Forty Years Old: "Maybe I wasn't a huge success, but my kids will be."

Sixty Years Old: "Maybe my kids weren't all that successful, but at least my best years are still ahead of me."

Seventy Years Old: "Maybe they weren't the best years, but nevertheless, I'm going to live happily in this house for the rest of my life."

Eighty Years Old: "Maybe I was forced into an old folk's home, but my grand kids will come visit me here all the time."

Tuesday, December 9, 2008

The 8 Rules of Celebrating Christmas


1) If you did it ten years ago, you damn well better do it every year.

2) Don't forget to argue about what traditions you're forgetting. Arguing is an important tradition.

3) Drink eggnog even if you don't like it. Christmas isn't about enjoying traditions, it's about pretending you enjoy traditions.

4) No Christmas music before December 1st or after December 25th, punishable by death.

5) Don't mention gift giving to anyone who you aren't sure if you're supposed to get a gift for. Pray they do the same.

6) A song isn't a Christmas song just because it mentions winter or being cold. Those could be January songs, for all we know.

7) Utilize the back of the tree for those ugly ornaments that your aunt sent you, but no one is brave enough to throw out.
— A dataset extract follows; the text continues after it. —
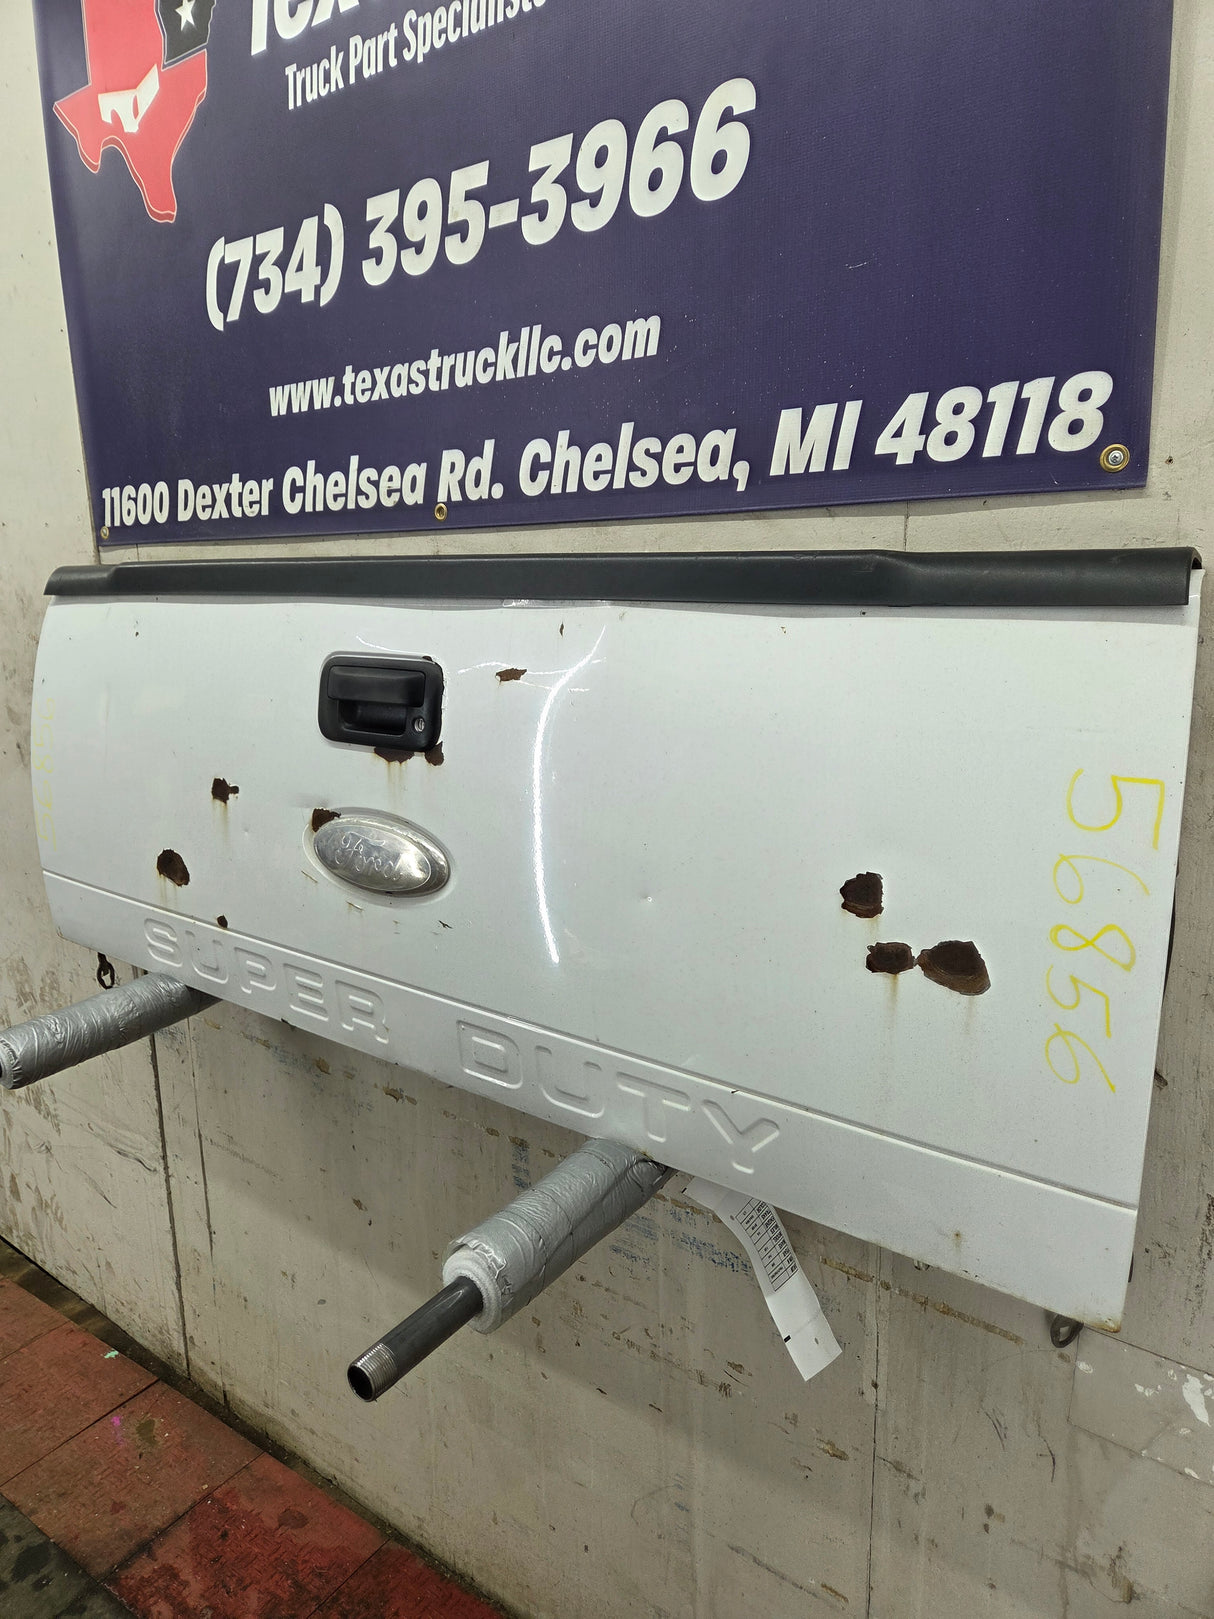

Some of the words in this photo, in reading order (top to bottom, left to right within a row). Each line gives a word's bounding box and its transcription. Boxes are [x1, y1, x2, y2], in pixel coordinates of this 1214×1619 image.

8) If you're quoting A Christmas Story, just say the line, "You'll shoot your eye out, kid." That's the funniest line in the movie, and people will appreciate your sense of humor when you quote it.

Top 8 Most Important Aspects Of A Successful Punk Song


1) Mention how consumerism is dumb. Trust me, it sells records.

2) You don't care what anyone thinks about your music. Make sure they're aware of it.

3) If at all possible, yell the same three words at least ten times in a row.

4) Highlight how different the punk scene is from other groups by talking about how much you drink. After all, no one else drinks.

5) Taxi Driver is a cool movie. Maybe throw in a reference to it somewhere in the middle of the song.

6) Have the guy with all the tattoos sing, the guy wearing the tie play drums, and the guy who never smiles on the bass.

7) Punk music is very serious. If you aren't taking yourselves too seriously, you will let down your fans.

8) Sing about how you're opposed to war. Most people love war, so it's nice to take an unpopular stand that will make them think.